### Directions
All of the data below should be written out again exactly.

Data records:
***
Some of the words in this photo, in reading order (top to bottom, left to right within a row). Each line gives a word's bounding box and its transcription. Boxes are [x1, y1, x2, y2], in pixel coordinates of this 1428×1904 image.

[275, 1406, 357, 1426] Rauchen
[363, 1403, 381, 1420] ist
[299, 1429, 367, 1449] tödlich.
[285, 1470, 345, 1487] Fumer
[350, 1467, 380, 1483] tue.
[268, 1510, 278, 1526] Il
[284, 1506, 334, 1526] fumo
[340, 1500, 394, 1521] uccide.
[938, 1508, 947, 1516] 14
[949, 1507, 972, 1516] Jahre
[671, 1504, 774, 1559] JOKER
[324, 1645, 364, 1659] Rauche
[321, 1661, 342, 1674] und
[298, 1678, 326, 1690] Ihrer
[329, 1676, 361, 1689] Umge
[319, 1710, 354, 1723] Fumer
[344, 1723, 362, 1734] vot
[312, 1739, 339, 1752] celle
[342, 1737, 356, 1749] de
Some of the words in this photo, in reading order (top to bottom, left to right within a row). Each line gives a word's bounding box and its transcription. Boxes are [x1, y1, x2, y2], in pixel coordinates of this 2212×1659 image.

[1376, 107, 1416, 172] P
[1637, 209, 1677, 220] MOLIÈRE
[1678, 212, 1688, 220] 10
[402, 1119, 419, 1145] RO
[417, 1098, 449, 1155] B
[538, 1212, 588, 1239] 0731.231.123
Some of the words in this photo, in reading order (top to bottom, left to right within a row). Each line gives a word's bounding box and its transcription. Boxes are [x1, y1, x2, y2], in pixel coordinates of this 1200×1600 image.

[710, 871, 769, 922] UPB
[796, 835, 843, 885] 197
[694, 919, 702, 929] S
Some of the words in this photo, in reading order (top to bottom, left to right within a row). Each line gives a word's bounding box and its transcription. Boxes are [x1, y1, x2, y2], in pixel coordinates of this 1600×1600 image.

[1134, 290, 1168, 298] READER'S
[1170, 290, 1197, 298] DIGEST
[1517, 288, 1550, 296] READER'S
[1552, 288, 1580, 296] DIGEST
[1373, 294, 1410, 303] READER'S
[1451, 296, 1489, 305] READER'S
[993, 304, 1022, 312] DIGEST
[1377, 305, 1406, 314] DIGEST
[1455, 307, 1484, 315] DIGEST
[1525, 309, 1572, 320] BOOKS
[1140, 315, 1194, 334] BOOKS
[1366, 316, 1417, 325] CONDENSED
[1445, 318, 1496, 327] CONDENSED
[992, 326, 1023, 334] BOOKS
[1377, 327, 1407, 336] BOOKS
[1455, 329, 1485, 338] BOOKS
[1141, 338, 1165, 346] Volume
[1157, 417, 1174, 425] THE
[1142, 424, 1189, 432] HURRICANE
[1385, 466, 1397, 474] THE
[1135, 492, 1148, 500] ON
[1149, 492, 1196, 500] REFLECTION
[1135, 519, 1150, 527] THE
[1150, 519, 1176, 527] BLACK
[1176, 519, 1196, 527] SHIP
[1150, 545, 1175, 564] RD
***
### Solution for this problem
Some of the words in this photo, in reading order (top to bottom, left to right within a row). Each line gives a word's bounding box and its transcription. Boxes are [x1, y1, x2, y2], in pixel coordinates of this 1428×1904 image.

[275, 1406, 357, 1426] Rauchen
[363, 1403, 381, 1420] ist
[299, 1429, 367, 1449] tödlich.
[285, 1470, 345, 1487] Fumer
[350, 1467, 380, 1483] tue.
[268, 1510, 278, 1526] Il
[284, 1506, 334, 1526] fumo
[340, 1500, 394, 1521] uccide.
[938, 1508, 947, 1516] 14
[949, 1507, 972, 1516] Jahre
[671, 1504, 774, 1559] JOKER
[324, 1645, 364, 1659] Rauche
[321, 1661, 342, 1674] und
[298, 1678, 326, 1690] Ihrer
[329, 1676, 361, 1689] Umge
[319, 1710, 354, 1723] Fumer
[344, 1723, 362, 1734] vot
[312, 1739, 339, 1752] celle
[342, 1737, 356, 1749] de
Some of the words in this photo, in reading order (top to bottom, left to right within a row). Each line gives a word's bounding box and its transcription. Boxes are [x1, y1, x2, y2], in pixel coordinates of this 2212×1659 image.

[1376, 107, 1416, 172] P
[1637, 209, 1677, 220] MOLIÈRE
[1678, 212, 1688, 220] 10
[402, 1119, 419, 1145] RO
[417, 1098, 449, 1155] B
[538, 1212, 588, 1239] 0731.231.123
Some of the words in this photo, in reading order (top to bottom, left to right within a row). Each line gives a word's bounding box and its transcription. Boxes are [x1, y1, x2, y2], in pixel coordinates of this 1200×1600 image.

[710, 871, 769, 922] UPB
[796, 835, 843, 885] 197
[694, 919, 702, 929] S
Some of the words in this photo, in reading order (top to bottom, left to right within a row). Each line gives a word's bounding box and its transcription. Boxes are [x1, y1, x2, y2], in pixel coordinates of this 1600×1600 image.

[1134, 290, 1168, 298] READER'S
[1170, 290, 1197, 298] DIGEST
[1517, 288, 1550, 296] READER'S
[1552, 288, 1580, 296] DIGEST
[1373, 294, 1410, 303] READER'S
[1451, 296, 1489, 305] READER'S
[993, 304, 1022, 312] DIGEST
[1377, 305, 1406, 314] DIGEST
[1455, 307, 1484, 315] DIGEST
[1525, 309, 1572, 320] BOOKS
[1140, 315, 1194, 334] BOOKS
[1366, 316, 1417, 325] CONDENSED
[1445, 318, 1496, 327] CONDENSED
[992, 326, 1023, 334] BOOKS
[1377, 327, 1407, 336] BOOKS
[1455, 329, 1485, 338] BOOKS
[1141, 338, 1165, 346] Volume
[1157, 417, 1174, 425] THE
[1142, 424, 1189, 432] HURRICANE
[1385, 466, 1397, 474] THE
[1135, 492, 1148, 500] ON
[1149, 492, 1196, 500] REFLECTION
[1135, 519, 1150, 527] THE
[1150, 519, 1176, 527] BLACK
[1176, 519, 1196, 527] SHIP
[1150, 545, 1175, 564] RD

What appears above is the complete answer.